D’abord lent, contemplatif (l’arrivée poétique du ferry), le court-métrage s’emballe, alterne fébrilement plans sur la route et sur les visages, avec un découpage expressionniste – jusqu’à cette dernière image fantomatique glaçante, sur deux cercueils glissant sur l’eau.

Du côté des kids, on vous propose cette semaine de voir Opopomoz d’Enzo D’Alo, un récit d’apprentissage sur l’altérité et la croyance dont voici le synopsis : à Naples, à la veille de Noël, Peppino et son fils Rocco s’affairent pour la préparation de la traditionnelle crèche sous les yeux bienveillants de maman Mariù. Les parents de Rocco attendent un heureux événement pour Noël. Inquiet, le petit garçon a peur de perdre l’amour de ses parents après l’arrivée de ce petit frère.
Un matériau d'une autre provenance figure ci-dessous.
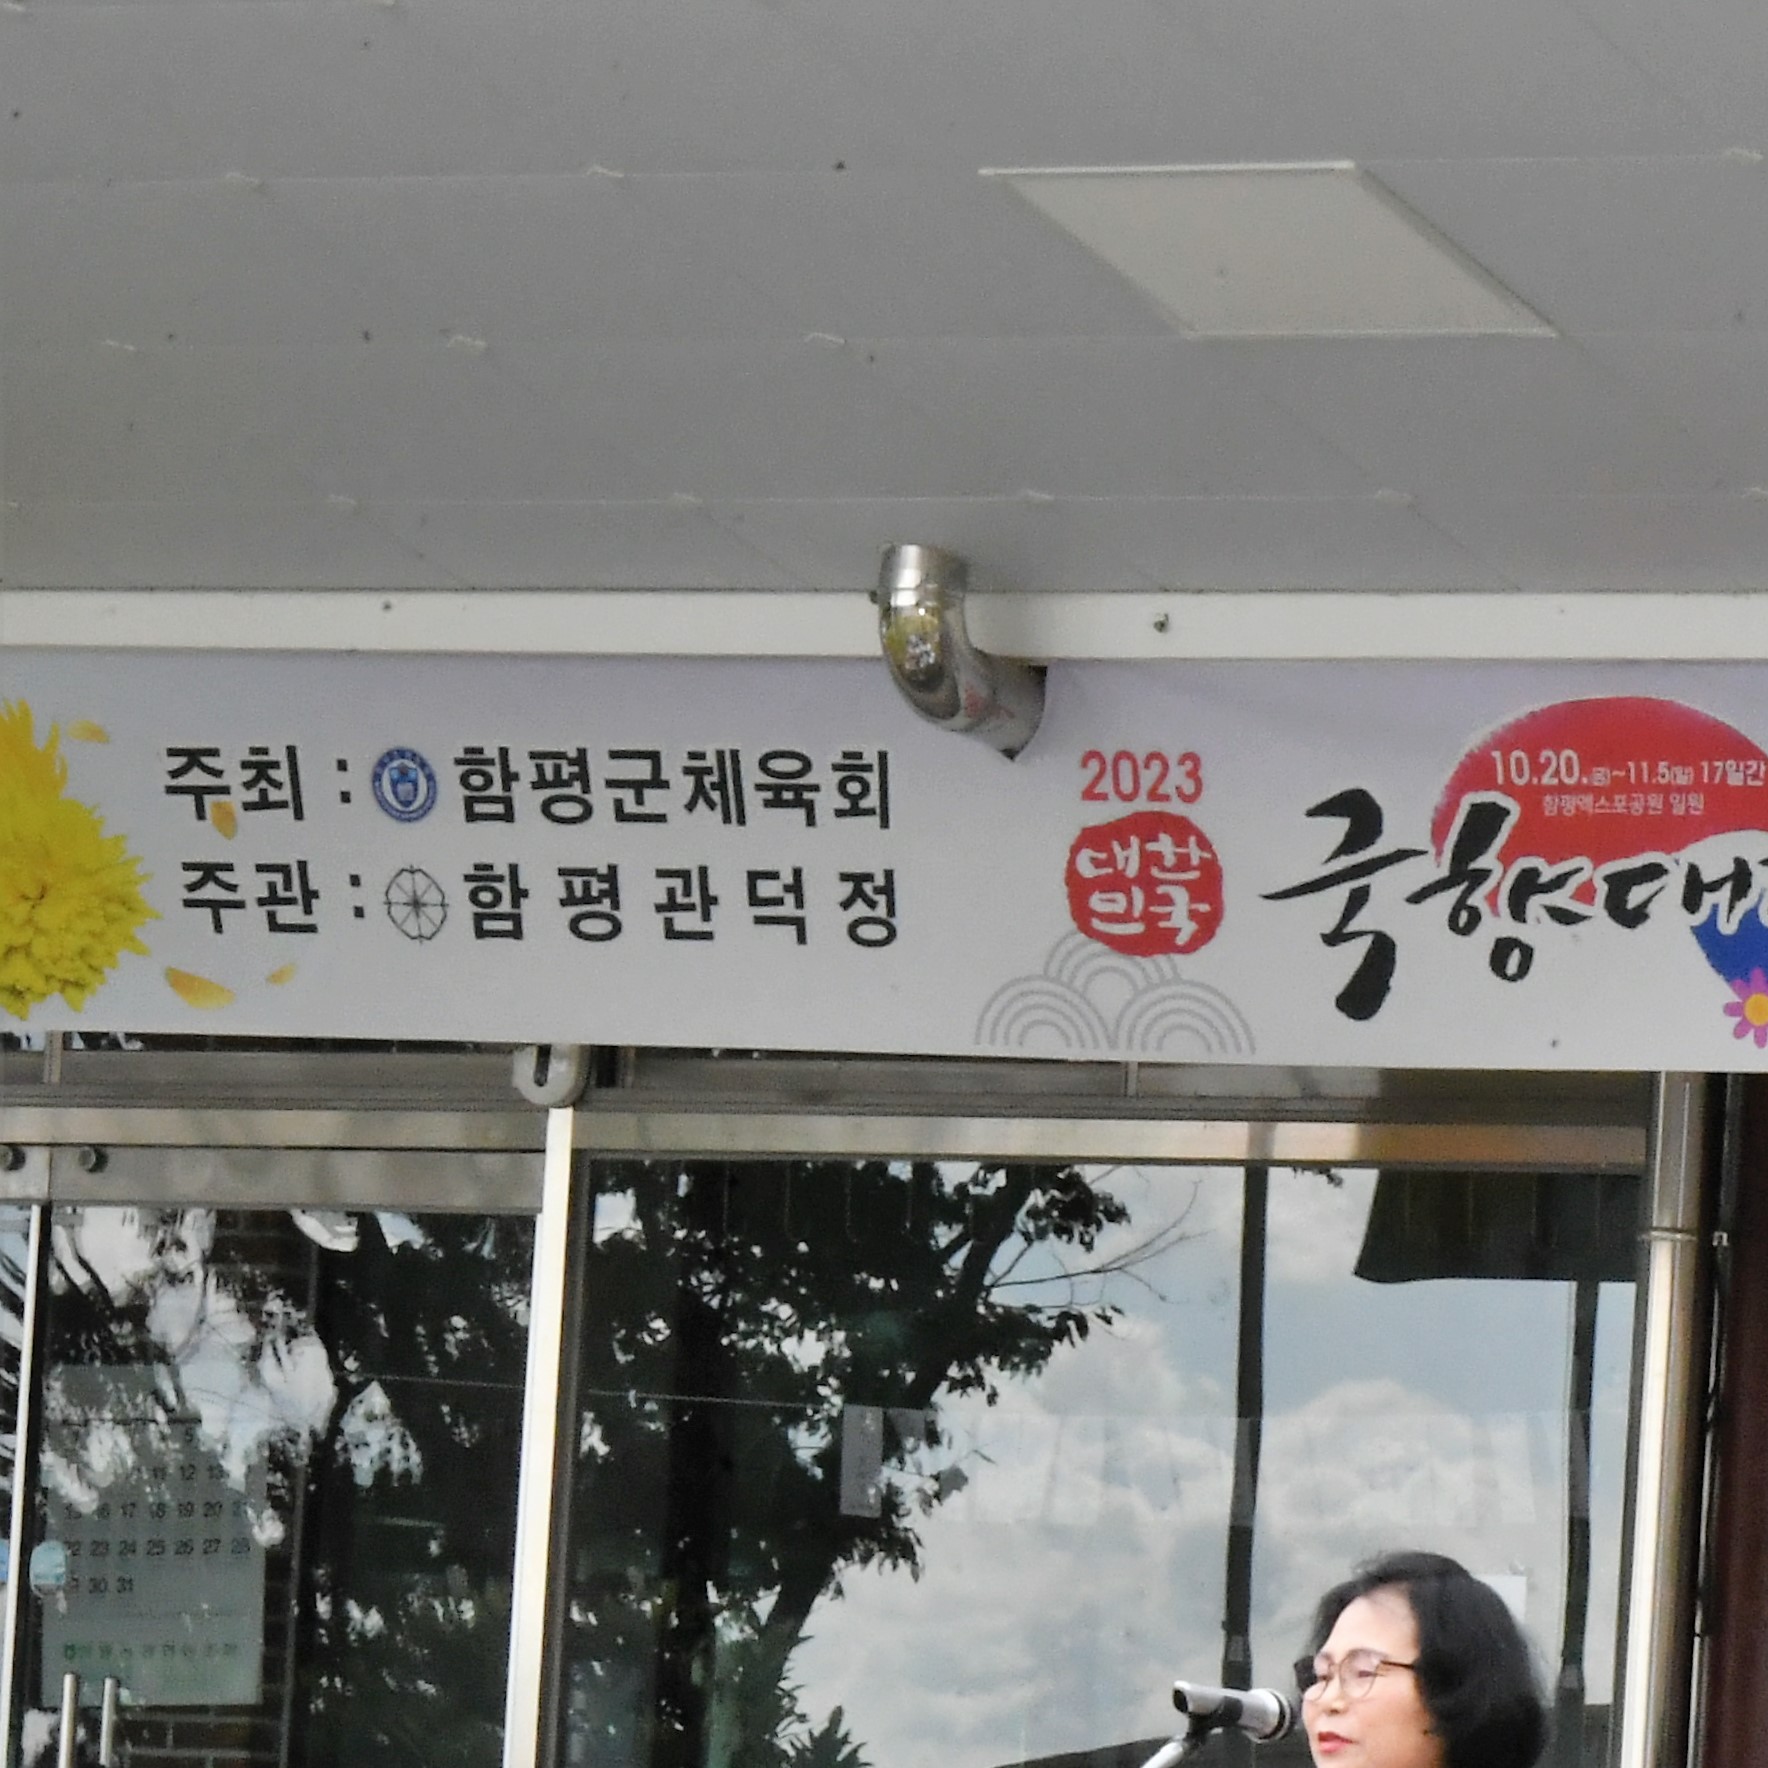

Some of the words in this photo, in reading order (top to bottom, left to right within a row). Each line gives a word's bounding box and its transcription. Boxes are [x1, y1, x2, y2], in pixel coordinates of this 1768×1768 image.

[163, 744, 305, 821] 주최
[453, 745, 893, 830] 함평군체육회
[1079, 749, 1204, 804] 2023
[1075, 832, 1213, 880] 대한
[180, 859, 321, 936] 주관
[1088, 884, 1212, 946] 민국
La veille de Noël, trois petits diables rendent visite au garçonnet et lui intiment d’empêcher la naissance de l’enfant Jésus grâce au mot magique : Opopomoz…

Tous les épisodes sont à retrouver ici

Films disponibles du 1er avril au 8 avril

Mata Hari, Agent H 21 de Jean-Louis Richard (1963) : avec Jeanne Moreau, Jean-Louis Trintignant

Travail au Noir de Jerzy Skolimowski (1982) : avec Jeremy Irons

À mi-mots : Pascal Quignard de Jacques Malaterre (2004) : documentaire

Opopomoz d’Enzo D’Alo (2003) : animation

Ils attrapèrent le bac de Carl Theodor Dreyer (1948) : court-métrage.